And every remaining Ed on the plateau — thousands of them — just… ripples. Like wind through grass. Like a wave pulling back from shore.

Then they’re gone.

All of them. Swept through the Gate in one gentle rush.

The plateau goes silent. Empty. Snow and stone and nothing else.

I stare at the space where an army of souls stood two seconds ago.

“Hey!” Finn’s voice cuts across the plateau, indignant and bewildered. “The Eds! Where did they— I wasn’t done! I had a whole speech prepared for Ed number five hundred thousand!”

Gods, I love him.

I turn back to the God, pretty sure my expression is somewhere between incredulous and murderous.

“You could have done that the whole time?”

“Yes.”

“Then why didn’t you—”

“You seemed very determined.” The faintest hint of a smile. “Your ancestors always preferred ceremony.”

“I hadmaterial,” Finn calls out, still sounding betrayed. “Good material.

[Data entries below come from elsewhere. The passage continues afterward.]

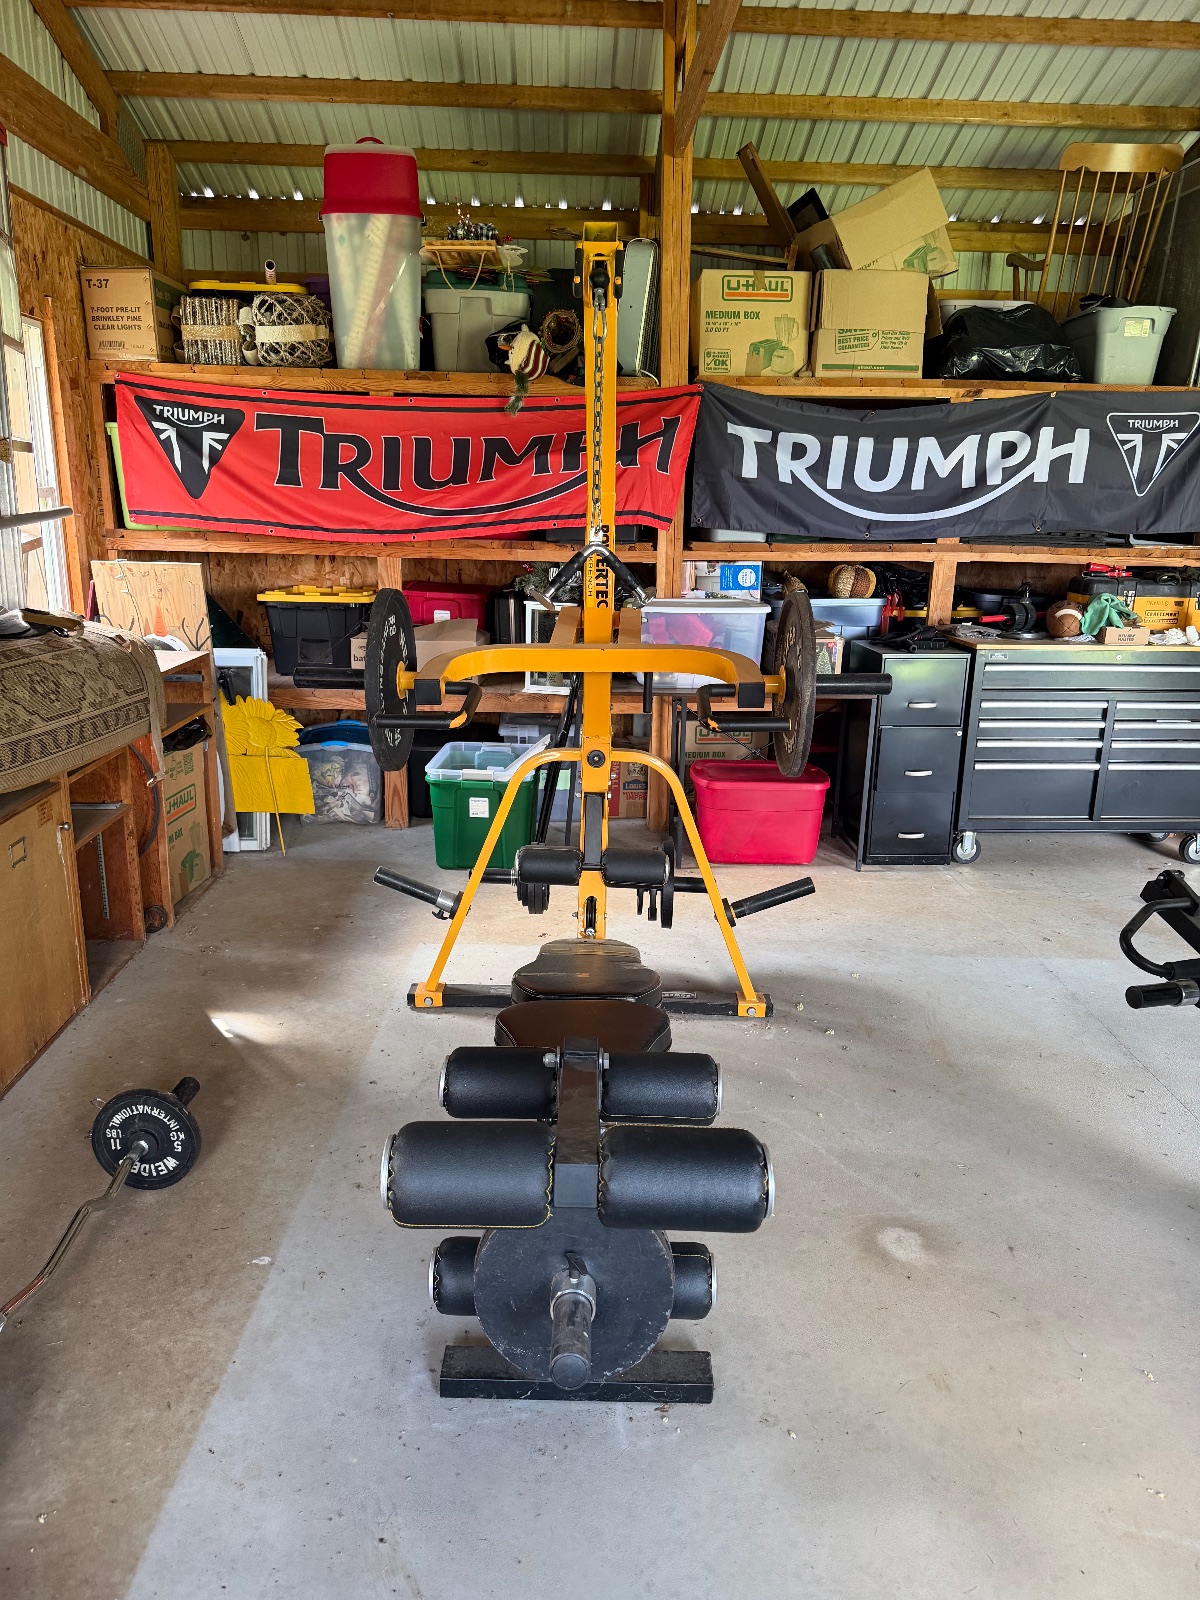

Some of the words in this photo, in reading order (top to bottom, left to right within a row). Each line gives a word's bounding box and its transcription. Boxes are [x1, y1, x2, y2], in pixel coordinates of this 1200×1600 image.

[86, 279, 109, 288] T-37
[705, 311, 740, 319] MEDIUM
[744, 311, 760, 320] BOX
[853, 335, 869, 343] PRICE
[153, 405, 225, 427] TRIUMPH
[1128, 420, 1179, 432] TRIUMPH
[727, 422, 1090, 522] TRIUMPH
[109, 1105, 180, 1131] INTERNATIONAL
[106, 1128, 122, 1138] LBS
[170, 1131, 185, 1141] KG
[110, 1139, 121, 1151] 11
[174, 1141, 182, 1152] 5
[119, 1156, 179, 1176] WEIDE
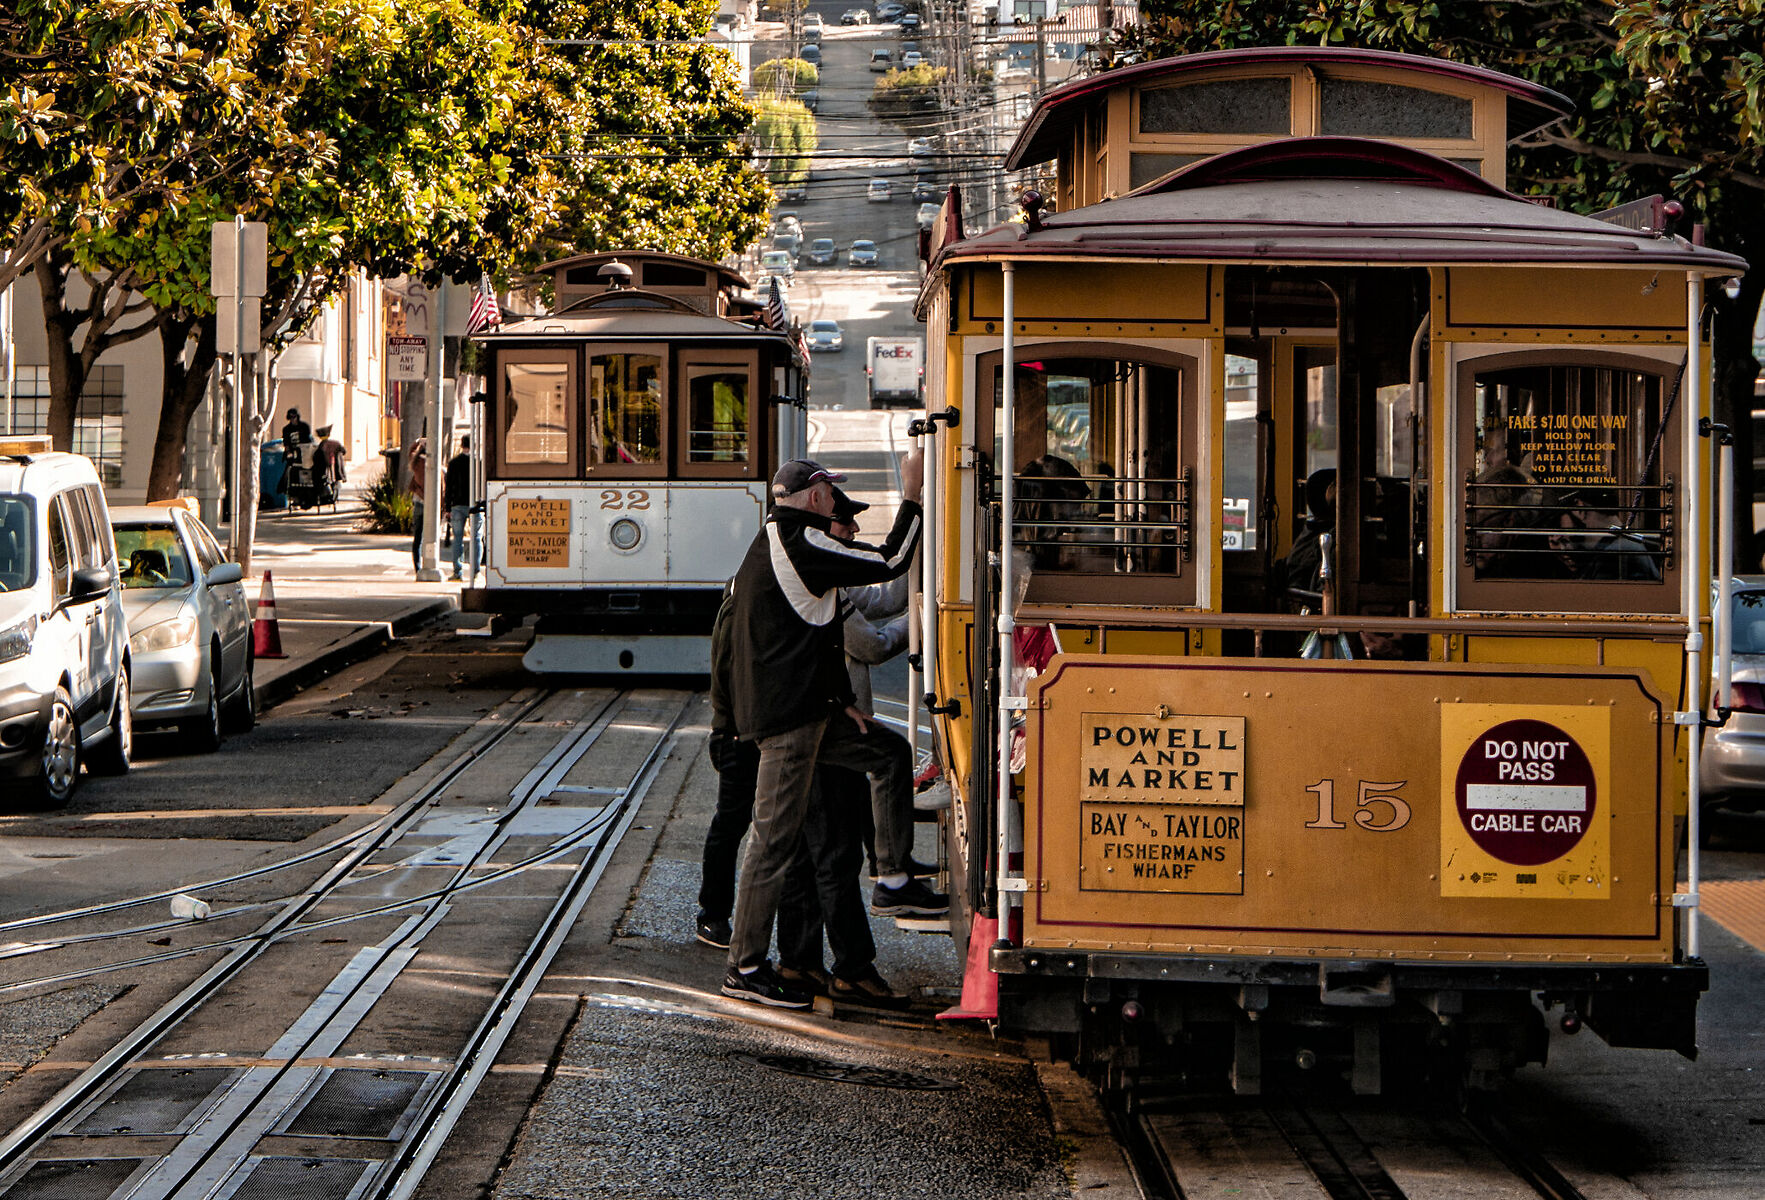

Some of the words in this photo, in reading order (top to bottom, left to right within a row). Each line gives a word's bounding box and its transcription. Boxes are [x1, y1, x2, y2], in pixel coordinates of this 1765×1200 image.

Ed-specific material.”

I shake my head at Finn’s antics. But honestly, I don’t know whether to laugh or punch an ancient deity.

“I’ve been standing here for hours.”

“I noticed.”

“Saying goodbye to individual Eds. My voice gave out. My wings hurt.”

“Also noticed.”

“And you just—” I gesture wildly at the empty plateau. “One finger snap. That’s all it took.”

“Would you have wanted me to do it earlier?”

I open my mouth. Close it.

Because no. I wouldn’t have. Those hours meant something, even if I can’t explain what.

“No,” I admit, hating that he’s right. “I wouldn’t have.”

He nods like that settles it.

I turn to look out over Absentia, mostly to avoid his smug ancient face.

And my breath catches.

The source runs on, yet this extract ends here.